患者さんご自身の血液から免疫細胞を取り出し、数を大量に増やし、攻撃する働きを強化して患者さんの体に戻します。つまり、“自分で治ろうとする力”を活用するという方法です。
副作用がほとんどない
患者さんご自身の細胞を用いるため、副作用はほとんどありません。まれに発熱やアレルギー症状がみられる程度で、生活の質(Quality of Life:QOL)を維持しながら治療を受けることができます。抗がん剤や放射線治療との併用で相乗効果が期待できます。
副作用がほとんどない
再発・転移の予防に効果があると認められるエビデンス(医学的根拠に基づく治療)がある治療です。臨床試験に基づいたデータでは手術後の再発予防効果が示されています。また、免疫力強化という点で、発がん予防としての期待も高まります。
※1 免疫とは
「自分と違う異物」を攻撃し、排除しようとする人間の体の防御システム。たとえば、ウィルスや細菌など病気の原因になる微生物(=病原体)が体内に侵入したときも、体は「自分と違うものが入り込んだ」と判断し、排除しようとします。
免疫細胞療法の有効性
がん再発予防における免疫細胞療法の効果と実際
Cancer Immunology Immunotherapy 誌、2014年、DOI 10.1007/s00262-014-1613-0
千葉県済生会習志野病院木村秀樹先生等による論文より
2007年4月から2012年7月に行った初発肺がん手術556例中、適格(ステージ1B~IV、非小細胞がん、76歳未満、PS 0または1 等)を満たす103例を対象とし、統計は、最終的に無作為で分別したグループA(免疫療法あり、50例)とグループB(免疫療法なし、51例)で比較することで行った。
いずれのグループも標準治療として、プラチナ製剤による化学療法は行っている。
免疫療法は自己のがん所属リンパ節から、「AKT-DC」と称した樹状細胞(dendritic cell: DC)と活性化キラーT細胞(activated killer T-cell: AKT)を共に培養したものを利用している。
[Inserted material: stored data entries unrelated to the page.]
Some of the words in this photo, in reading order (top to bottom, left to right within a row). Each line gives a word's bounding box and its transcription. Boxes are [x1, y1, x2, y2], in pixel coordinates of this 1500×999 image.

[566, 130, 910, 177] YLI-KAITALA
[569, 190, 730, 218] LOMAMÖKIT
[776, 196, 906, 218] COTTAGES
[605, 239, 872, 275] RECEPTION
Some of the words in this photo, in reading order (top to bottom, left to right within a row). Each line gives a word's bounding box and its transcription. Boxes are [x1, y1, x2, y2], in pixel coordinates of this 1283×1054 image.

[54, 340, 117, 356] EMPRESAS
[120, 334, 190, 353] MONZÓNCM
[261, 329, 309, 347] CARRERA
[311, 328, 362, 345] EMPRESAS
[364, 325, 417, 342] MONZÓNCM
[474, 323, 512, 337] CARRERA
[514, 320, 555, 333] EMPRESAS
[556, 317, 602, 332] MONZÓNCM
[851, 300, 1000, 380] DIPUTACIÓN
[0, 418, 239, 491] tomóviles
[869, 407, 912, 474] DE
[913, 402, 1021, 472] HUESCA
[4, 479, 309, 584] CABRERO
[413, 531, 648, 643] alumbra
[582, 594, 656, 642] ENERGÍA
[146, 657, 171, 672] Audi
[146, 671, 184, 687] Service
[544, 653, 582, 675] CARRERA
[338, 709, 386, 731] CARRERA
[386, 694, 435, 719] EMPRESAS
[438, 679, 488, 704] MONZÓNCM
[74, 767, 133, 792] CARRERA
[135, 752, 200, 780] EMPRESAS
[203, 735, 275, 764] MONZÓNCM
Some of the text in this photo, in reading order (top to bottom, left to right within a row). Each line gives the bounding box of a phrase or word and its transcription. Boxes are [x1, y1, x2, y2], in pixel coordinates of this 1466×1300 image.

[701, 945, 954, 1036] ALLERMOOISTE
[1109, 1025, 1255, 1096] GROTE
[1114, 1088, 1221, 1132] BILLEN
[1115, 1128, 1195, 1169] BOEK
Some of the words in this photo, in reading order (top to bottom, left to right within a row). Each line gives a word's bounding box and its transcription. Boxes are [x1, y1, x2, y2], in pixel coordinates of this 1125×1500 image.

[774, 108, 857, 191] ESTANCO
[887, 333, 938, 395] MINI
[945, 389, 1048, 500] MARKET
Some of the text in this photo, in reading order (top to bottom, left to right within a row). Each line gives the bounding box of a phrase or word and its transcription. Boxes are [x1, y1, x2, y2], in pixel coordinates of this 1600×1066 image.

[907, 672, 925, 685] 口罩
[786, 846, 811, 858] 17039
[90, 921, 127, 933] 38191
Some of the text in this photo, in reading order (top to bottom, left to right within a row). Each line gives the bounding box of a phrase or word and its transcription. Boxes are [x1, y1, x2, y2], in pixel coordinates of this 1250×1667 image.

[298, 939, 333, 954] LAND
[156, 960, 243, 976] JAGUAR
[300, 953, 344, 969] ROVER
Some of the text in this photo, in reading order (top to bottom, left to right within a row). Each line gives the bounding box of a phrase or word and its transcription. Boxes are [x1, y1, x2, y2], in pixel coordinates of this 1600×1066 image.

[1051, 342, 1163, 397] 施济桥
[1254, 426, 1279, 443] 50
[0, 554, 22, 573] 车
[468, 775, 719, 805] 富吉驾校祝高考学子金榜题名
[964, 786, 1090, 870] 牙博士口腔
化学療法は4コース行い、免疫療法は10-14コース行った。
図1 は全生存率を示しており、5年生存率ではグループA が81.4%、グループB が48.3% となっている。この両グループ間には有意差が認められ(log-rank testでp=0.0005、Wilcoxon testでp=0.0005)、免疫細胞療法を受けた患者に明らかな有効性が確認できている。またハザード率から、グループAは1/0.229で4.36倍の5年生存率を示している。
図2 は無再発生存率であり、5年生存率ではグループA が56.8%、グループBが26.2% となっている。この両グループ間には有意差が認められ(log-rank testでp=0.0020、Wilcoxon testでp=0.0027)、免疫細胞療法を受けた患者に明らかな有効性が確認できている。またハザード率から、グループAは1/0.423で2.36倍の5年生存率を示している。
5年生存率が4倍以上に
【HR=0.229(HazardRatio)の意味】
治療しない群の生存率を1とすると治療した群の生存率は、1/0.229=4.36倍となります。たとえば治療しない群の5年生存率が10%とした場合、治療した群の成績は43.6%になる計算です。無再発生存率でも1/0.423=2.36倍になることを意味しています。